▶ What is expected
Would you repeat the data below exactly, taking out the images?

Stored data:
□ □ □ □ □ □ □

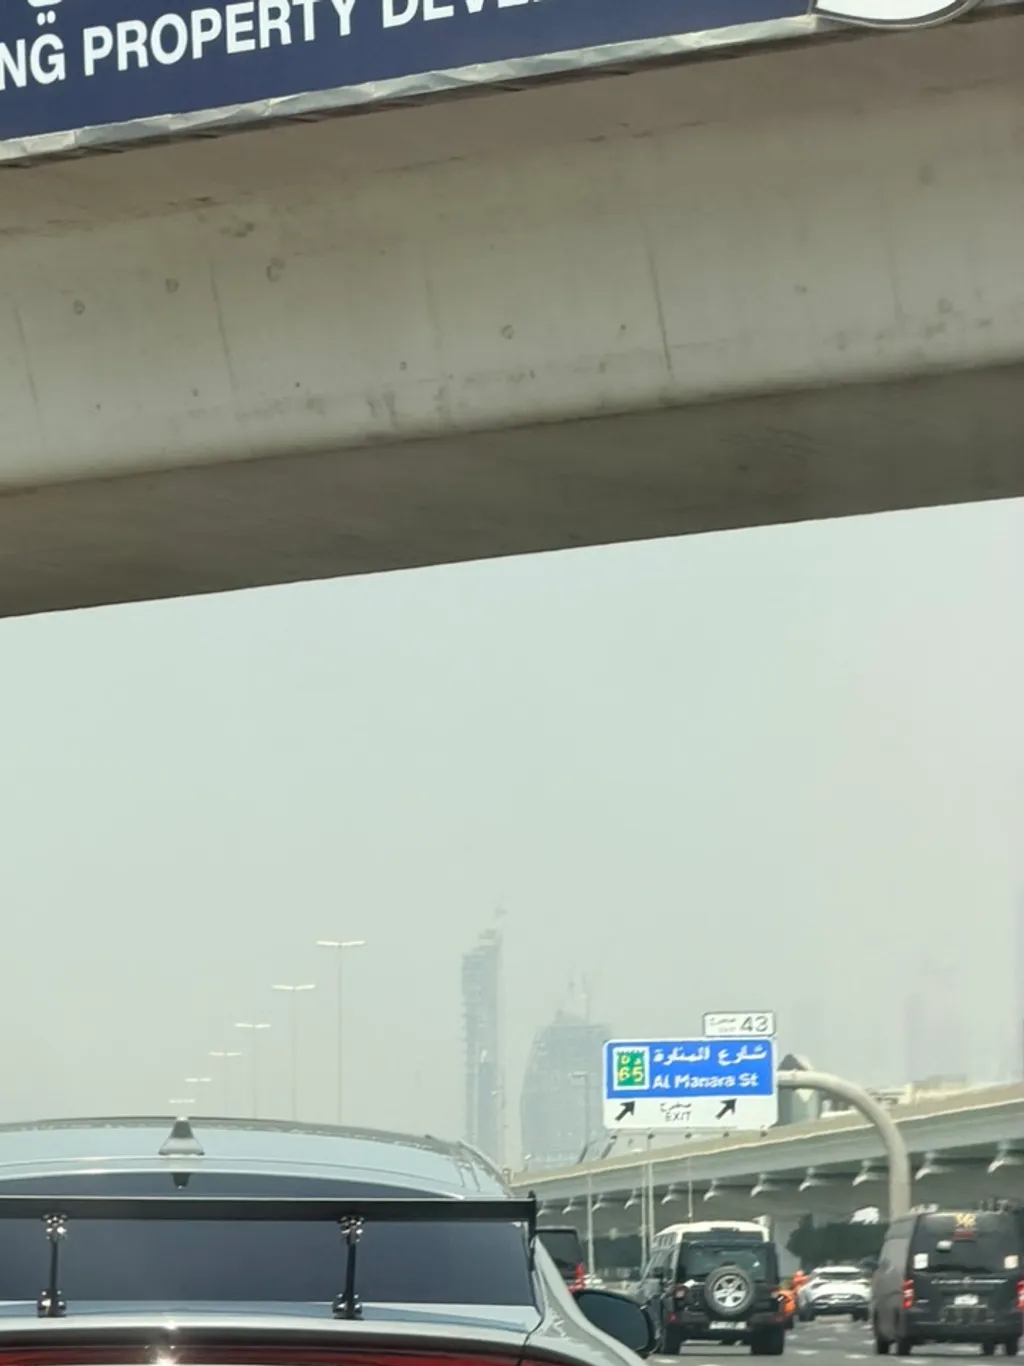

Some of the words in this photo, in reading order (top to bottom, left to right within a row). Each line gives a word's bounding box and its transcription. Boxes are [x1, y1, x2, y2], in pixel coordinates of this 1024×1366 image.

[83, 0, 358, 77] PROPERTY
[739, 1015, 769, 1033] 43
[718, 1044, 769, 1067] شارع
[652, 1074, 671, 1089] Al
[674, 1073, 736, 1089] Manara
[738, 1072, 760, 1088] St
[665, 1110, 692, 1123] EXIT

□ □ □ □ □ □ □

▶ Finished task
Some of the words in this photo, in reading order (top to bottom, left to right within a row). Each line gives a word's bounding box and its transcription. Boxes are [x1, y1, x2, y2], in pixel coordinates of this 1024×1366 image.

[83, 0, 358, 77] PROPERTY
[739, 1015, 769, 1033] 43
[718, 1044, 769, 1067] شارع
[652, 1074, 671, 1089] Al
[674, 1073, 736, 1089] Manara
[738, 1072, 760, 1088] St
[665, 1110, 692, 1123] EXIT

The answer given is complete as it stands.